Oracle's Cost Based Optimiser works by analyzing several of the possible execution paths for a SQL and choosing the one that it considers best. For instance, a two table join could drive off table A and lookup table B for each row returned, or it could drive off table B. By adding in the possibilities of join methods and index selection, the number of possible execution paths increases.
A three table join has three times as many alternatives, a four table join has four times the alternatives of a three table join. In general, the number of possible execution paths for a join statement is proportional to n! (ie. n x n-1 x n-2 x ... x 2 x 1), where n is the number of tables in the join.

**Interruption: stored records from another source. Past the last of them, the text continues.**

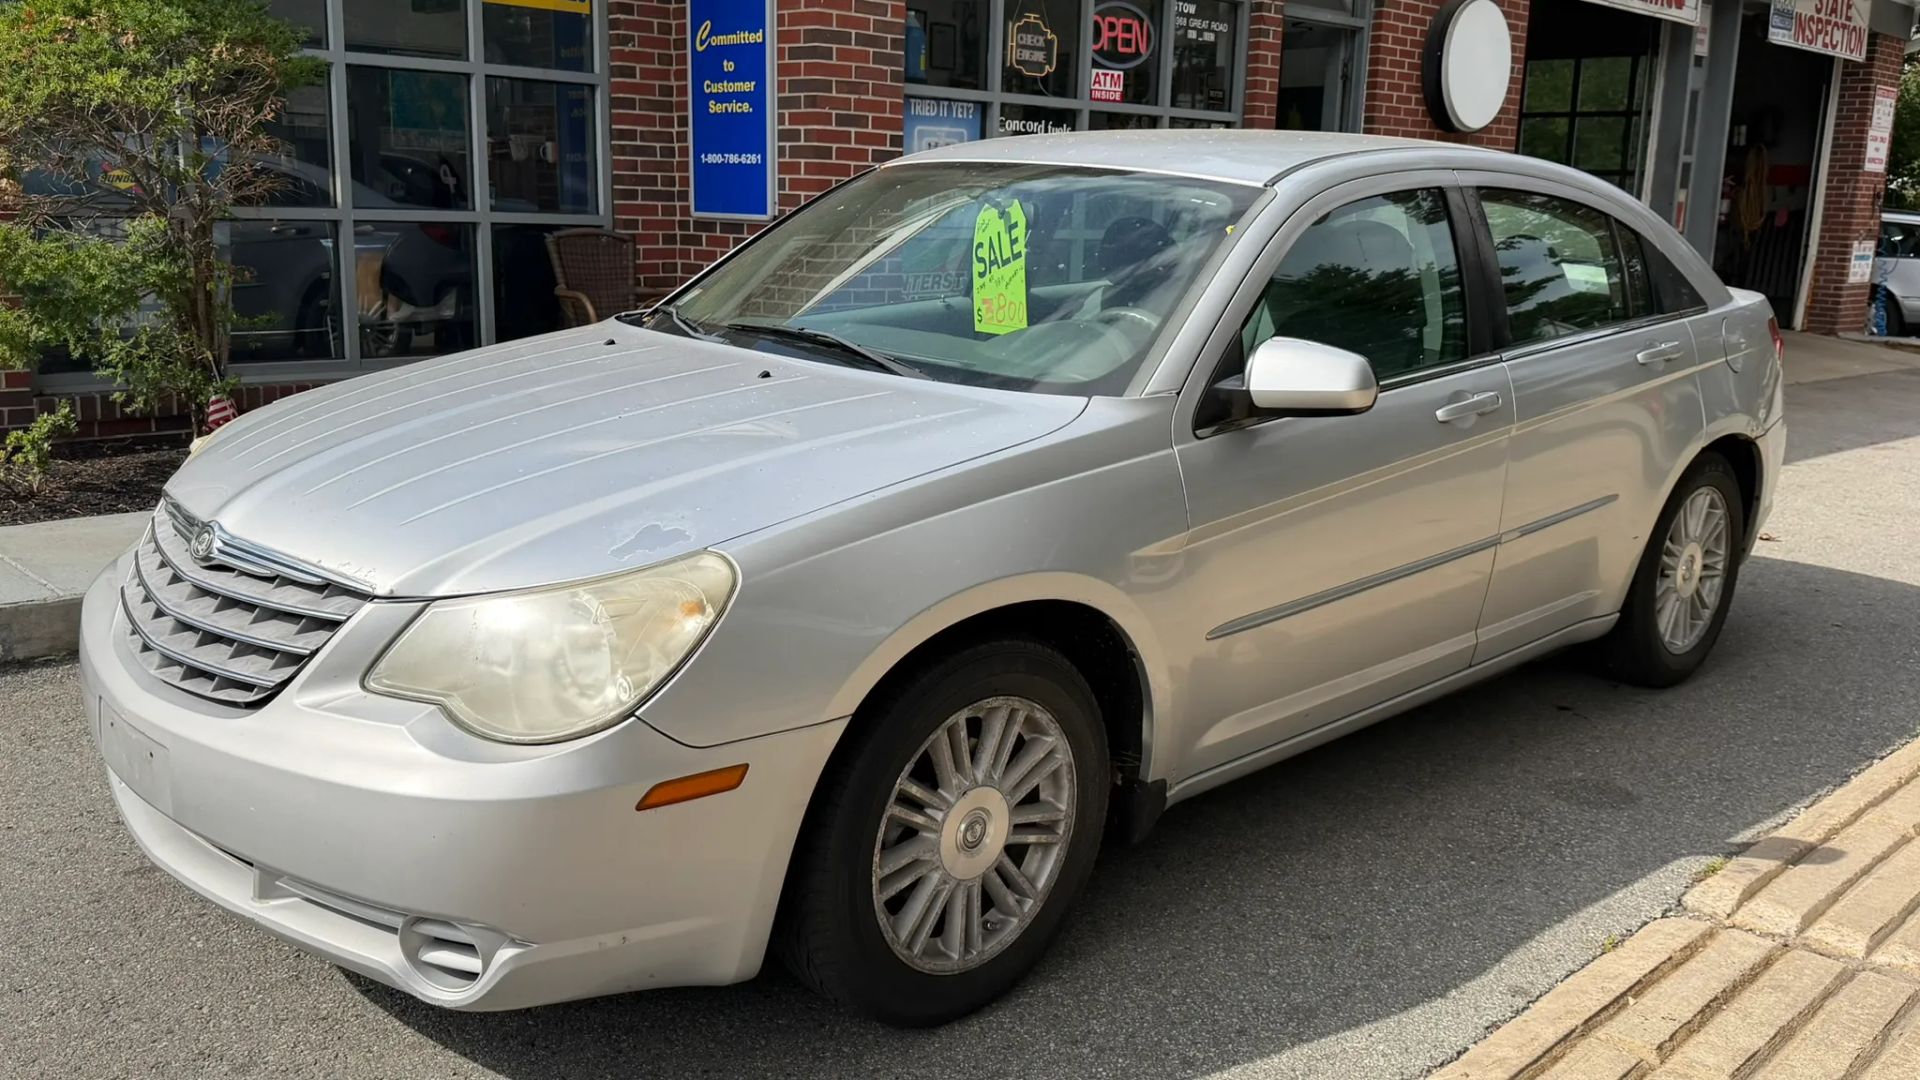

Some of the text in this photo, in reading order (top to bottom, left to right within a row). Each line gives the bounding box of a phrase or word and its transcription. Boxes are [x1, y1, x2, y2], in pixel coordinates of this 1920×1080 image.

[1188, 17, 1210, 30] GREAT
[1210, 21, 1229, 33] ROAD
[695, 20, 764, 52] Committed
[1016, 32, 1046, 48] CHECK
[1092, 14, 1148, 56] OPEN
[1793, 11, 1866, 57] INSPECTION
[1016, 49, 1047, 64] ENGINE
[723, 59, 734, 72] to
[703, 80, 756, 95] Customer
[1092, 71, 1122, 89] ATM
[1091, 90, 1121, 101] INSIDE
[708, 100, 753, 114] Service.
[909, 98, 975, 119] TRIED IT YET?
[999, 116, 1046, 134] Concord
[700, 153, 762, 165] 1-800-786-6261
[975, 221, 1023, 279] SALE

The problem of choosing the absolute best execution path becomes near impossible as n increases. Mathematicians call this an np-hard - or non-polynomial - problem. The theory of np-hard problems states that there are no shortcuts to finding the absolute best solution. Often we must settle for a solution that just looks OK.
Oracle does not attempt to evaluate every possible execution path. As the number of tables in a join increases, the percentage of possible paths evaluated plummets. Since bad execution paths far outnumber good execution paths, the likelihood that Oracle does not stumble on even a halfway good execution path increases with the number of tables in the join.

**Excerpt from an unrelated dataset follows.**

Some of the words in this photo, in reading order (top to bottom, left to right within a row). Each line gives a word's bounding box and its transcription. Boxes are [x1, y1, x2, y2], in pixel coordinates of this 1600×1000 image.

If you have a table join (ie. a FROM clause) with five or more tables, and you have not included a hint for join order (eg. ORDERED or LEADING ), then Oracle may be joining the tables in the wrong order.
Run your SQL through Explain Plan and check the order that the tables are processed. Say we have a SQL with five tables (A-E) in the FROM clause, and the following joins:
A <-> B
A <-> C
B <-> D
D <-> E
If the Explain Plan showed the tables in the order A, B, C, D, E, then this would be OK. However if it showed A, B, C, E, D, then there would be a problem because we need the columns from D to join to E, but D is joined last.
This is a simplistic example that would never happen if all of the join predicates were equals joins. But what if the SQL had clauses like this:
WHERE B.k1 = D.k1 AND D.k2 = E.K3 AND E.eff_date >= A.eff_date
In this case, table E joins to both table D and table A, however the join to table A is a range operator (>=). It may seem obvious that table E should be joined after table D, but this is exactly the sort of case where Oracle can mess up.
If the tables are being joined in the wrong order, you can supply a hint to suggest a better order.
Is it now joining in the correct order? If not, then Oracle is ignoring the hint; check with your DBA.
If it is joining in the desired order, is it faster? If not, try elsewhere in this guide; the problem may be related to index usage or join methods.